Do You Actually Know About Crypto Futures Trading?

Futures have been around for a long time, but crypto futures are fairly new. Many exchanges want to offer them because of the nearly 6000 tradeable cryptocurrencies and trading’s lasting power.

Briefly describe what is happening in this passage: There has recently been an increase in interest from traders looking to invest their money into cryptocurrency by way of bitcoin-backed derivatives called ‘crypto futures’. Essentially, it allows people access without actually owning any bitcoins themselves. It is a great investment opportunity at first glance.

Crypto Futures

Crypto futures allow traders to speculate on the future value of digital currencies without actually owning any cryptocurrency. It’s similar in concept to a stock index or commodity like oil and wheat, where an investor can take risks by betting on how much they’ll be worth when it expires. There are contracts for specific cryptocurrencies such as Bitcoin or Ethereum that derive their values from these underlying assets. When a crypto futures contract expires, investors should use cash instead of actual coins after trading is completed so there won’t be anything physical left over at all.

With cryptocurrency futures, traders can hedge against adverse price changes and extreme volatility. The high-volatility of digital currencies allows traders to purchase assets when they are low and sell them at a higher value as well-all in one transaction. Crypto futures trading is available on platforms like Binance Futures that trade 24 hours a day, seven days week.
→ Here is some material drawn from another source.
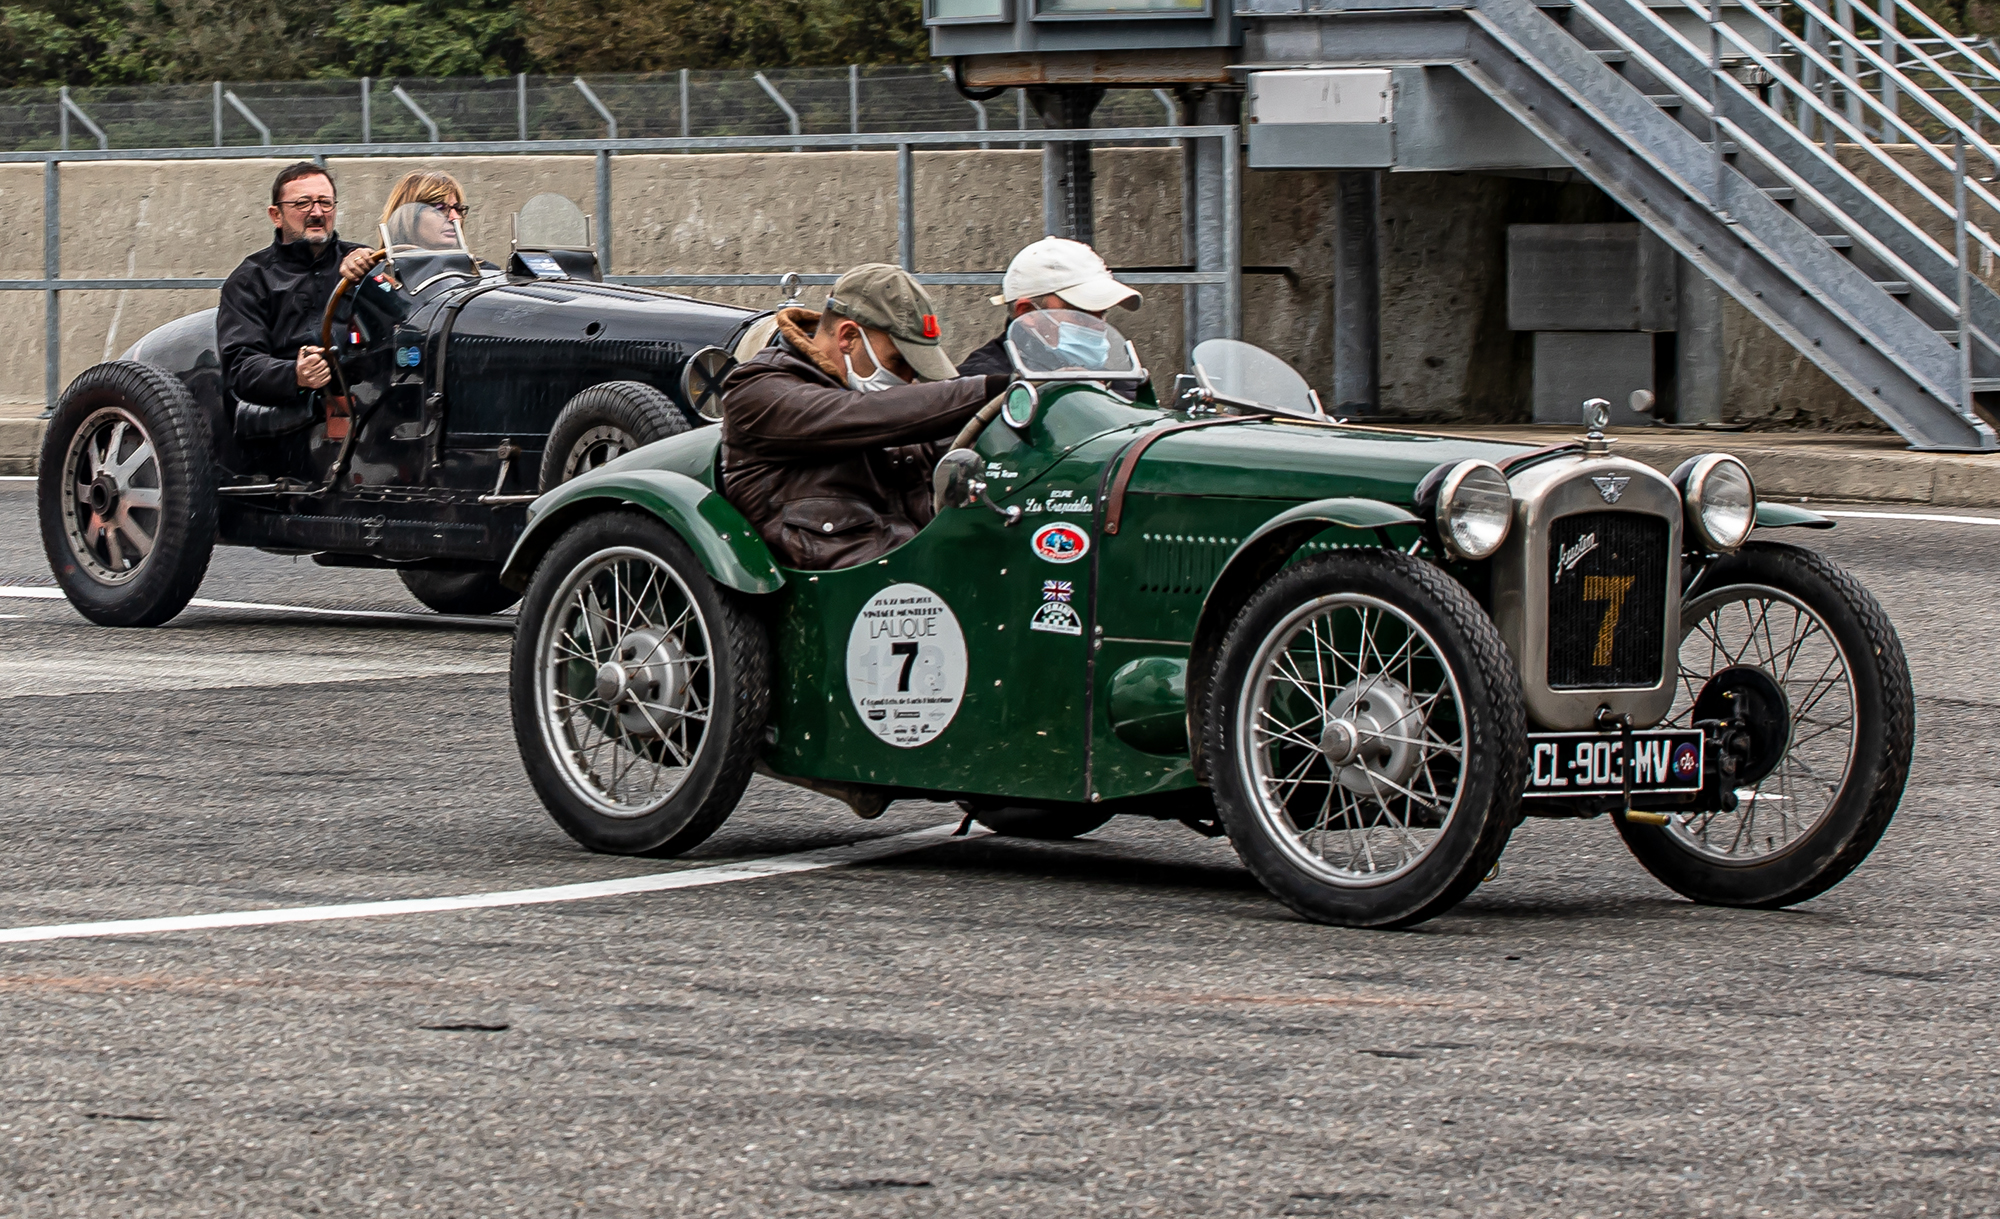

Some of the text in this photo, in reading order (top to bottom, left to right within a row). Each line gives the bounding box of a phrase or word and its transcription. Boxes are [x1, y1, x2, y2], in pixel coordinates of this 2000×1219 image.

[869, 617, 938, 639] LALIQUE
[1583, 575, 1635, 666] 7
[891, 641, 919, 692] 7
[1533, 740, 1671, 787] CL-903-MV
How Does Crypto Futures Work?

Crypto futures trading is an interesting way to make money in this volatile market. You can bet on the price changes without having to actually buy any cryptocurrency, which leaves you with more freedom than other traders who need a lot of capital up front or have expensive fees associated with every trade they place.
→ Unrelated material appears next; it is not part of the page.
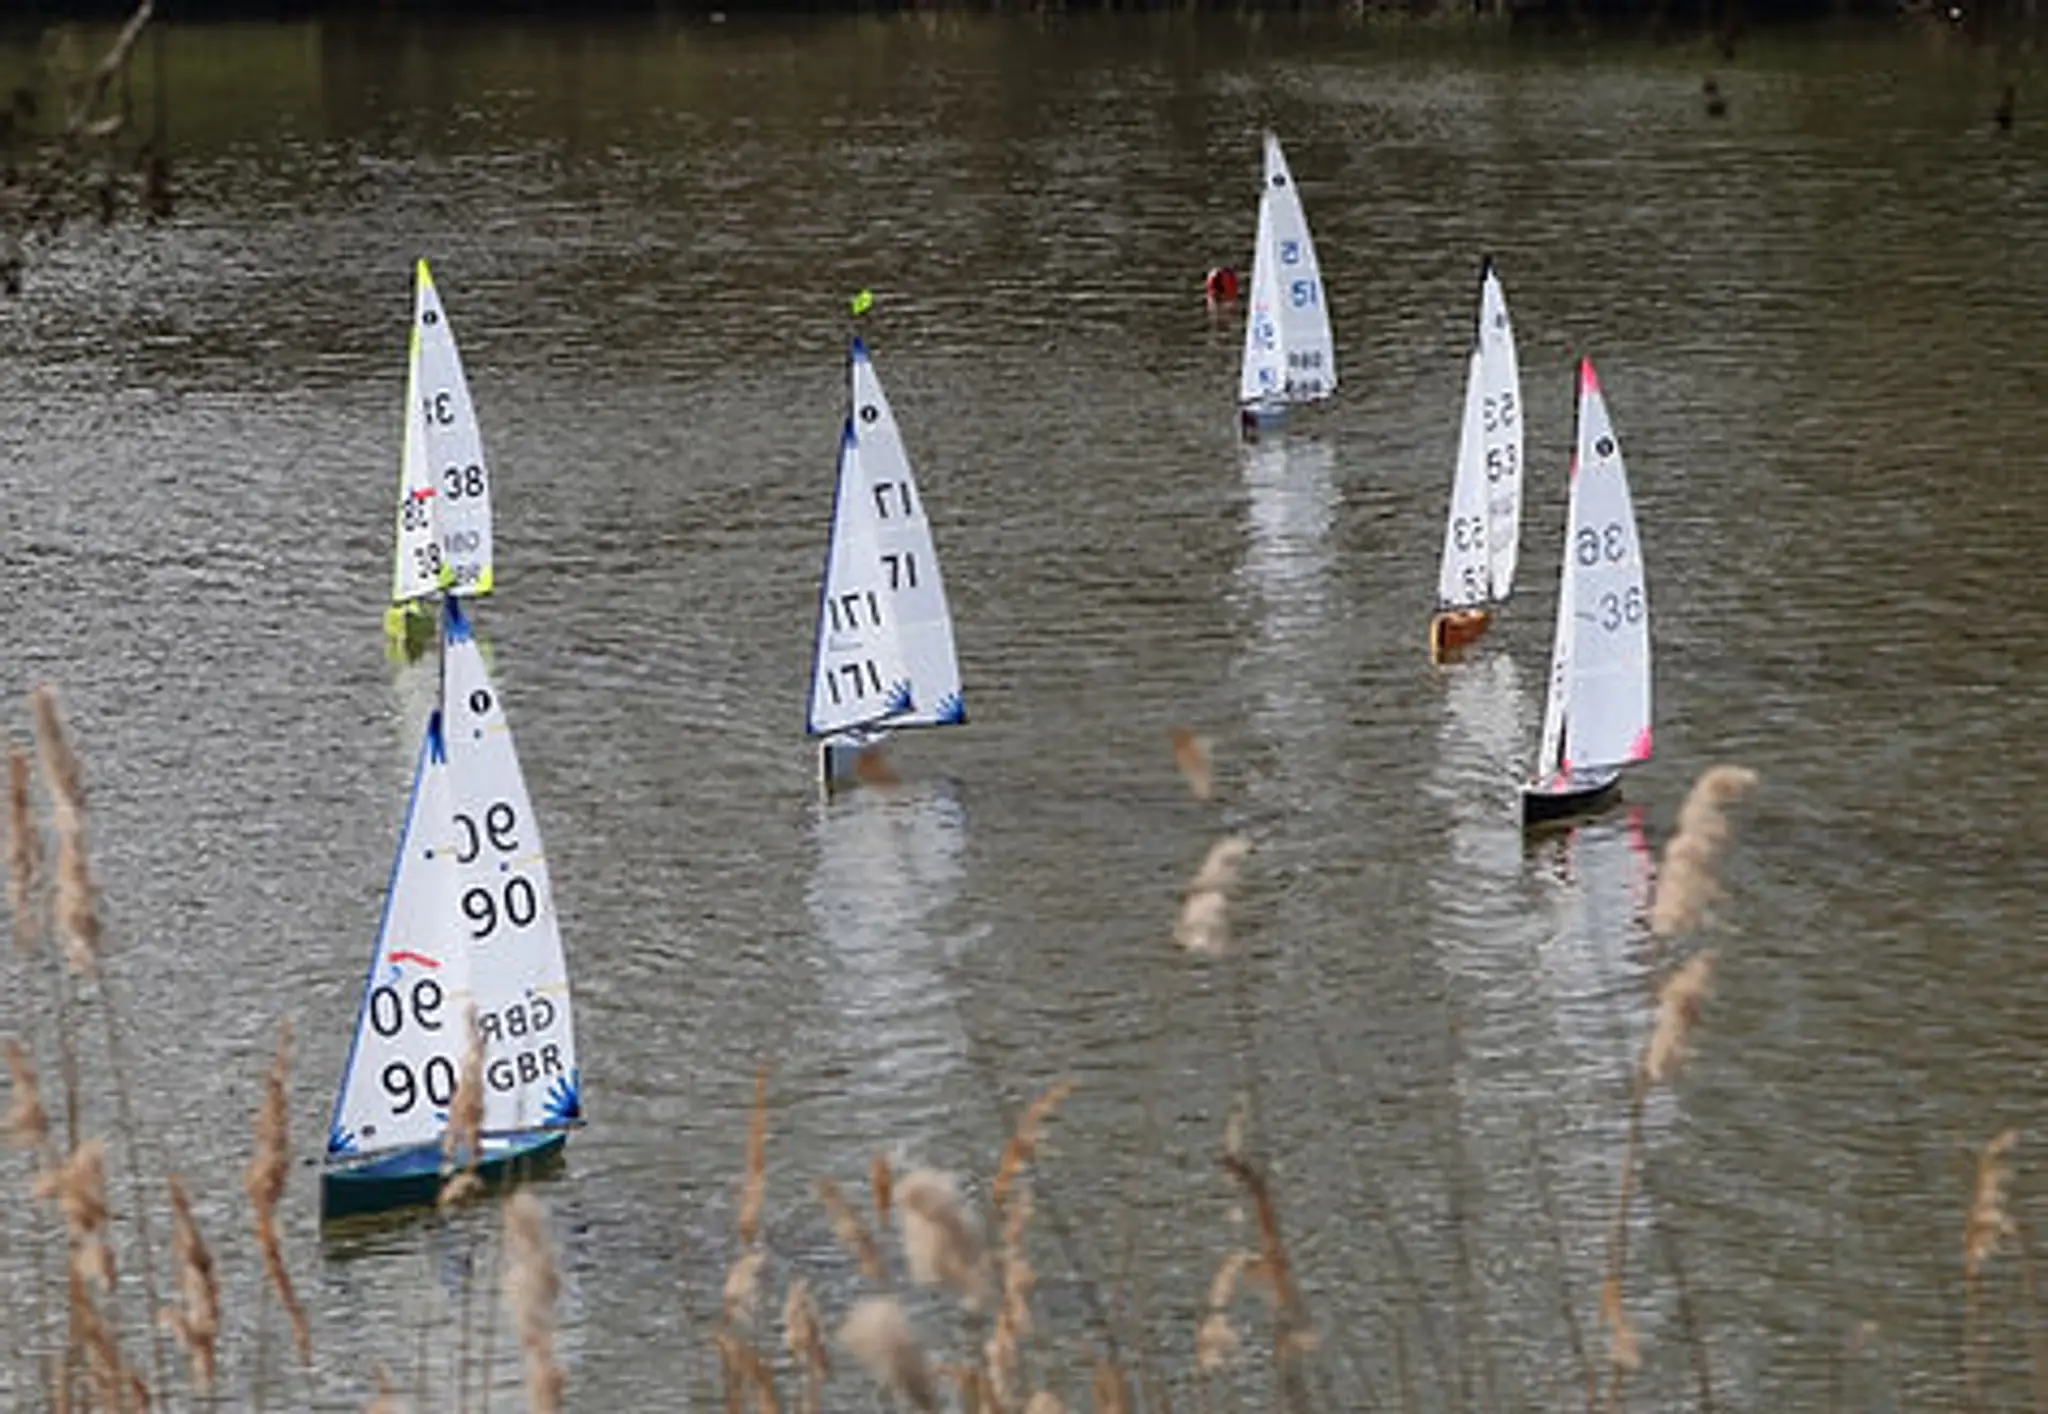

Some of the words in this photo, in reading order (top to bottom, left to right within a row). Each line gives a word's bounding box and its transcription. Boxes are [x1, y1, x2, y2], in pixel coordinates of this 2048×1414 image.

Let’s consider a simplified example. Say John and Sarah entered into Bitcoin futures positions at $40,000 each. In this scenario, John has the long position while Sarah took on an opposing trade–with her being in what’s called “the short side.” Upon expiration of the contract, it was determined that Bitcoins had risen to around $45k for one unit of currency- with those who are holding winning contracts getting their stakes returned as profits. Since we’re considering two people entering these transactions simultaneously: The person who is considered having been ‘long’ will have received $5k from exchanges (as they were betting on rising prices), whereas someone else taking up a ‘short’ position might owe exchange losses instead if things.

Basic Concepts

The potential for astronomical returns in the crypto futures market is just one of many reasons traders should familiarize themselves with essential concepts. Being aware of these concepts will draw you closer to becoming a professional trader, and understanding how they affect each trade can help make some tough decisions easier on yourself when it comes time to place your trades.

  1. Leverage

The lure of leverage attracts traders to the futures market. Leverage can be an extremely capital-efficient way for a trader with little money but big dreams, or even just a hope that Bitcoin prices will continue going up and they don’t want their BTC profits to go away when the numbers get too large in fiat currency terms. For example, on current spot markets you’d need $35k USD ($36K CAD) worth of cash at once (depending on what platform it’s traded through), whereas if using 1:100 margin trading via Bitfinex your only requirement would be roughly ~$3200 (~CAD 4500). Assume you only have USDT 5,000 in your spot wallet. In this instance, you could only afford USDT 5,000 in Bitcoin.

  • Margin Requirements

A margin account is like a bank where you can deposit cash and trade with it. It’s sort of like when the broker loans money to an investor who needs more than their initial investment for trading, but they’ll get some interest on that loan from time to time. A futures trader cannot just waltz into a brokerage firm and start buying contracts without having enough collateral or “margin” in his/her account first because if he were wrong about what direction prices would go then he could be exposed–even bankrupted! Remember: Initial Margin = Deposit amount (percentage) + Maintenance Margins. Maintaining adequate margins will help avoid liquidations due to low capitalization.

  • Funding Rates

Crypto perpetual contracts have a different structure than traditional futures. They are not settled like these and require the funding rate mechanism to ensure that prices match up on both markets regularly. Funding rates can be costly for traders in an overheated bull market, making it difficult or expensive to hold long positions as you would if this were regular trading of cryptos- but only when there’s a surge in the price difference between spot and future trade values does this occur (and even they’re still worth holding).

Conclusion

Futures trading is a great way to speculate on the future price of an asset. The futures market has grown since it was first introduced and now offers many different types of contracts in various markets, such as equity shares, oil or gold prices. It’s important that you know what you’re doing before playing with fire – there are risks involved which can lead to outsized losses if not managed properly by those who have taken the time for research into both their advantages and disadvantages.